Differentiation of mammary gland as a mechanism to reduce breast cancer risk.

Abstract

Pregnancy, mammary epithelial differentiation, and breast cancer risk Our understanding of the proposed protective role of mammary epithelial differentiation against breast cancer is based mainly on the important work by Irma and Jose Russo (1–3). The Russos have shown that terminal end buds (TEBs) in a rat mammary gland are the structures that give rise to malignant mammary tumors on exposure to chemical carcinogens, particularly to 7,12-dimethylbenz[a]anthracene, a polycyclic aromatic hydrocarbon. Breast cancers in women originate from a corresponding structure called the terminal ductal lobular unit (TDLU) or Lobule type 1 (Lob 1) (4). TEBs play a central role in mammary gland development in rats.
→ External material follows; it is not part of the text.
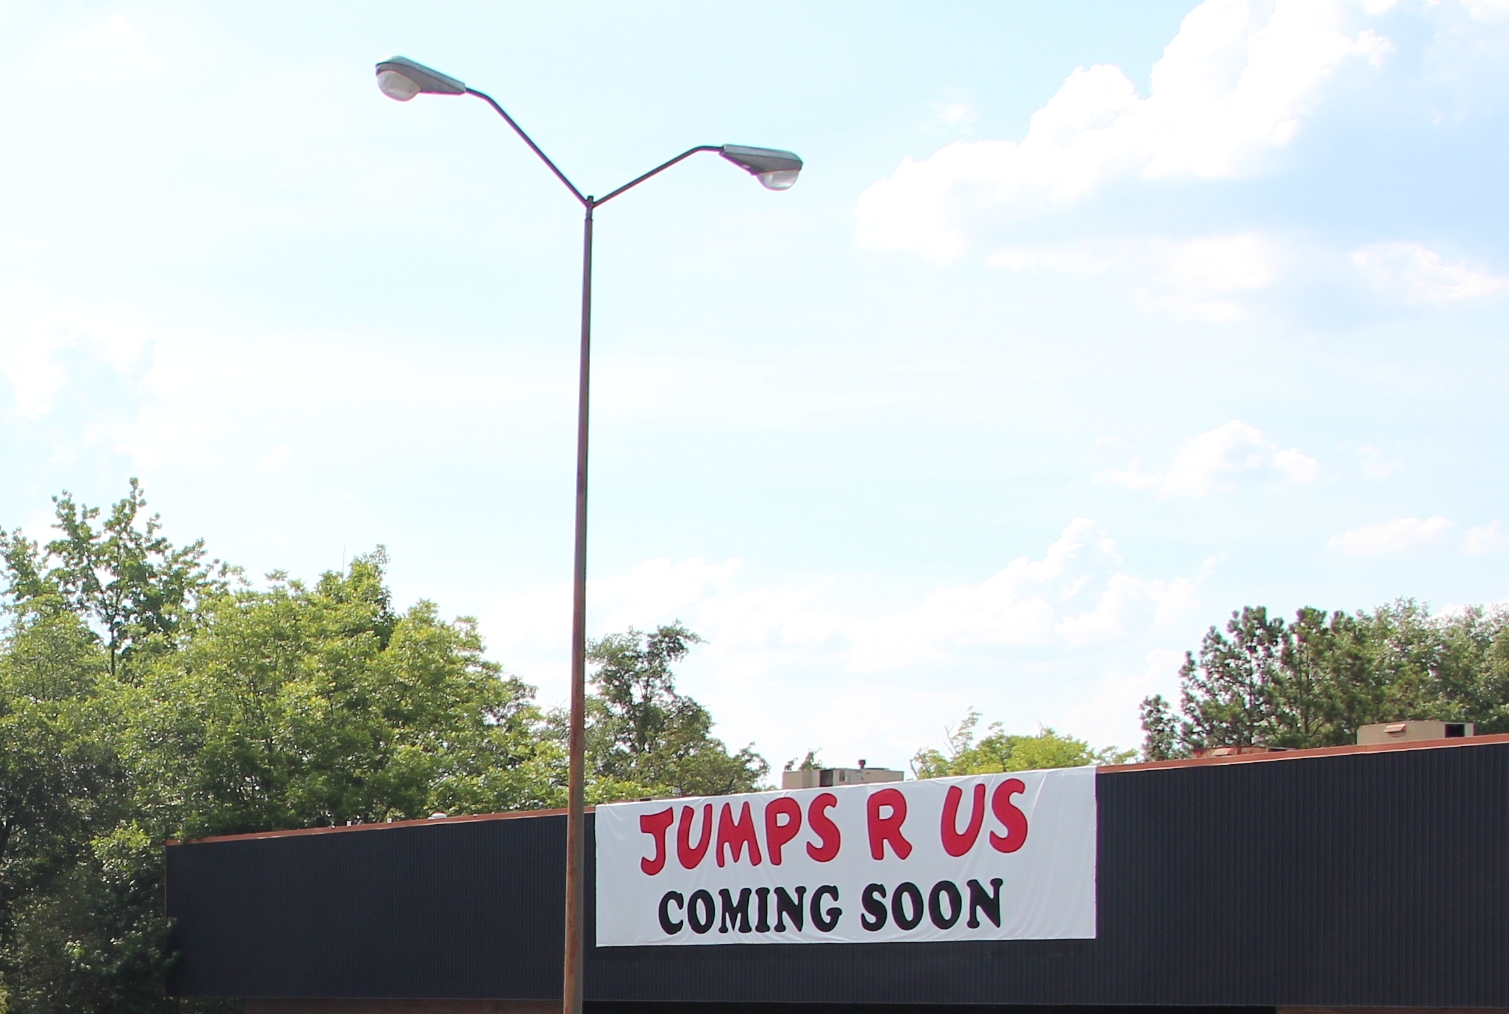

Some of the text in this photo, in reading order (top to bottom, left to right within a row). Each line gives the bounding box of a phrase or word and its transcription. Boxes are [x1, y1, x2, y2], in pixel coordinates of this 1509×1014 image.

[640, 778, 1028, 876] JUMPS R US
[658, 877, 1004, 936] COMING SOON
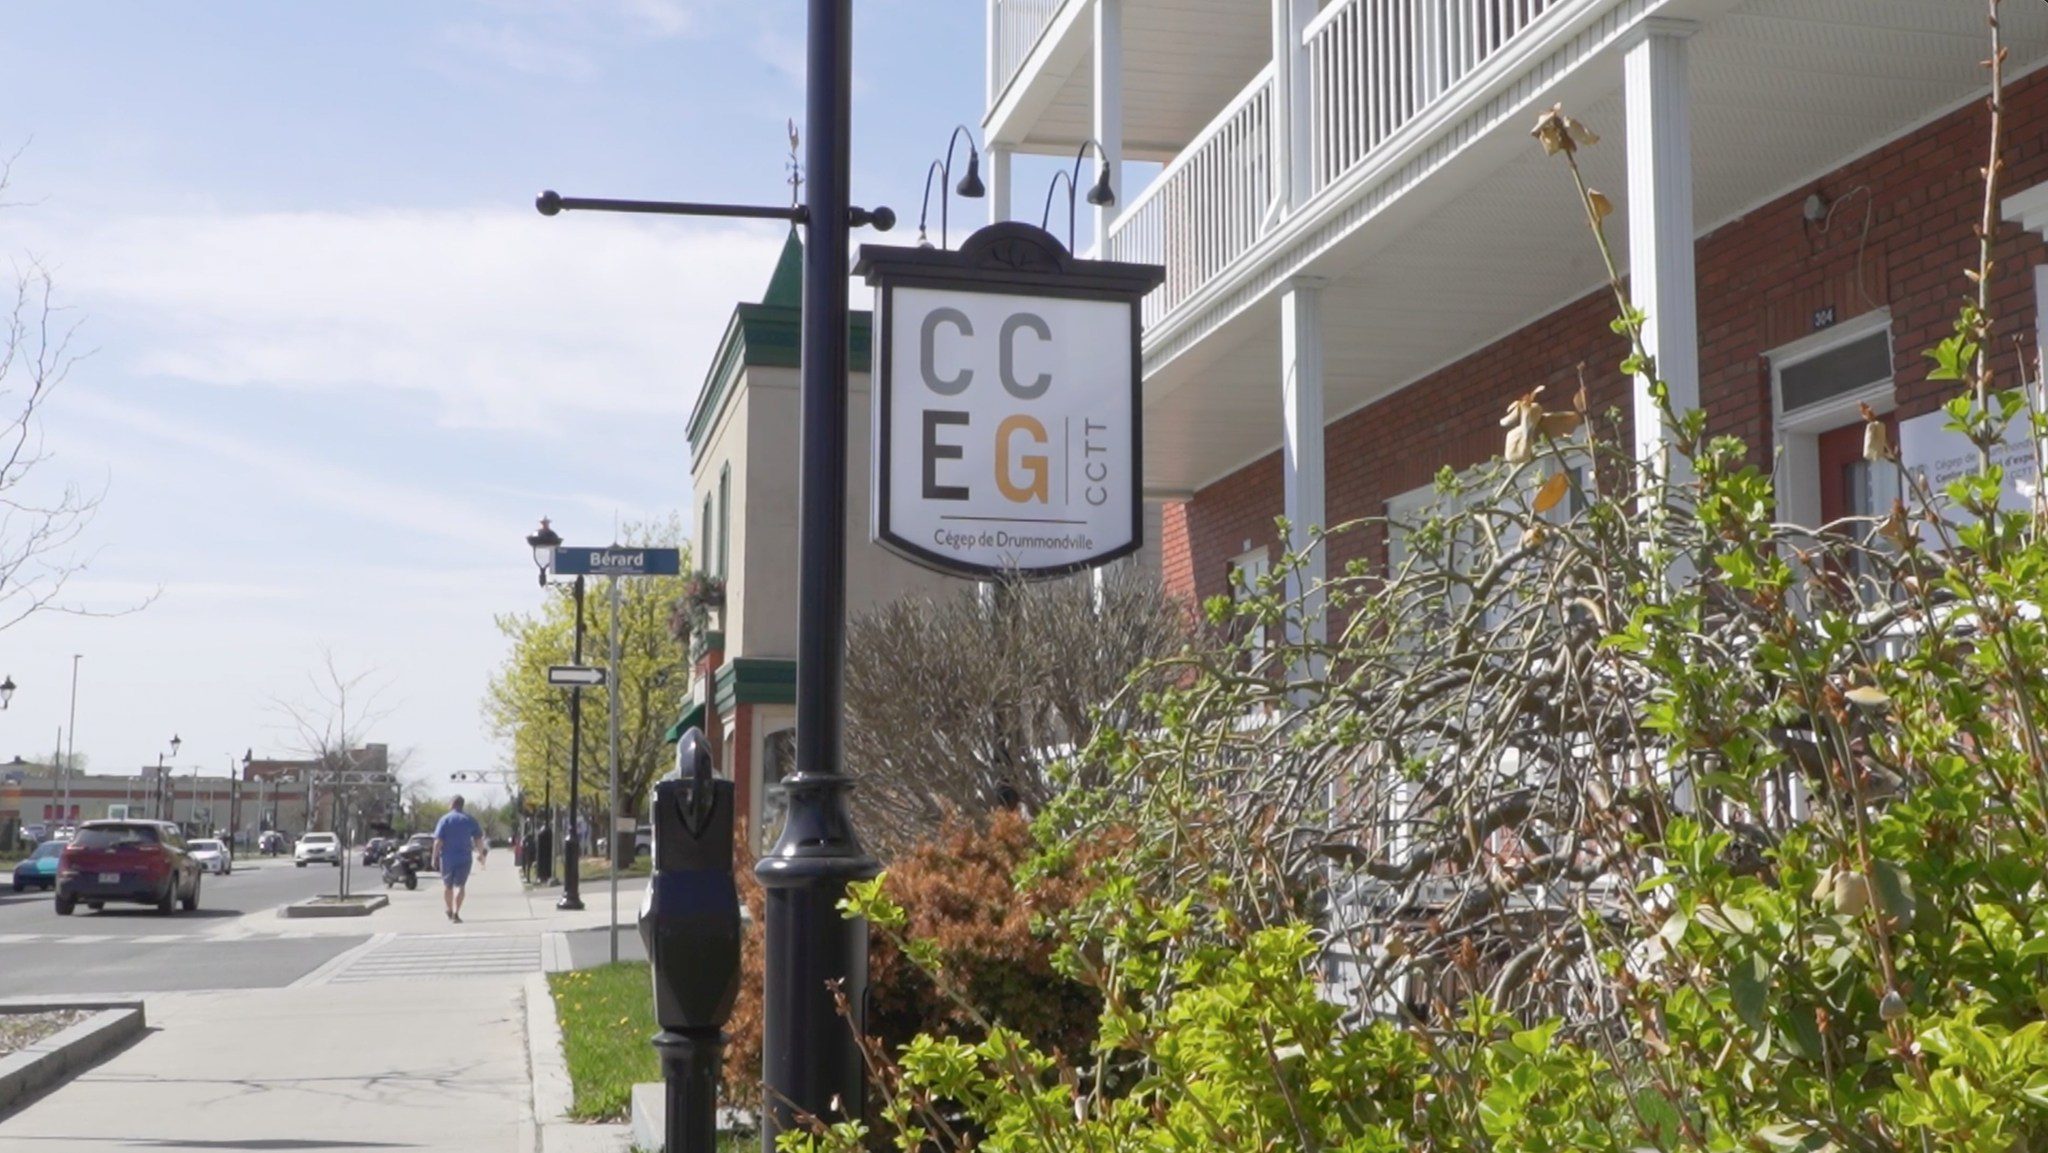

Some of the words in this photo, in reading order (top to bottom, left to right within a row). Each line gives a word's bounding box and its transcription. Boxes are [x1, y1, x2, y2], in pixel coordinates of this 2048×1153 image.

The mammary fat pad is initially formed during the fetal period, and it contains limited stroma and a rudimentary epithelial tree. The epithelium is quiescent until about 3 weeks of postnatal age, when large club-shaped TEBs appear. They are the most actively growing terminal ductal structures and are believed to contain a pluripotent stem cell population that potentially gives rise to breast cancer (3,5,6). TEBs lead the growth of the epithelial ducts through the fat pad and eventually regress to terminal ducts or differentiate to alveolar buds and further to lobules when the mammary fat pad is filled with a highly branched ductal tree. These alveolar structures do not give rise to malignant tumors. The work by the Russos and others (7,8) has shown that a key developmental event, pregnancy, as well as exposures that mimic the hormonal environment of pregnancy induce differentiation of the TEB/ TDLU and dramatically reduce the risk of breast cancer. The idea that differentiation explains the protective effects of pregnancy has been questioned by several investigators (9). Arguing against this idea are findings that induction of differentiation by placental lactogen or the dopamine receptor inhibitor perphenazine (PPZ) does not reduce breast cancer risk in animal models. An alternative hypothesis has been proposed by Siverman et al. (10); according to his ‘‘cell fate hypothesis,’’ pregnancy hormones induce a molecular switch in mammary stem cells that leads to changes in cell proliferation and response to DNA damage. The molecular changes then inhibit cell proliferation in response to subsequent exposure to hormones or carcinogens (10,11).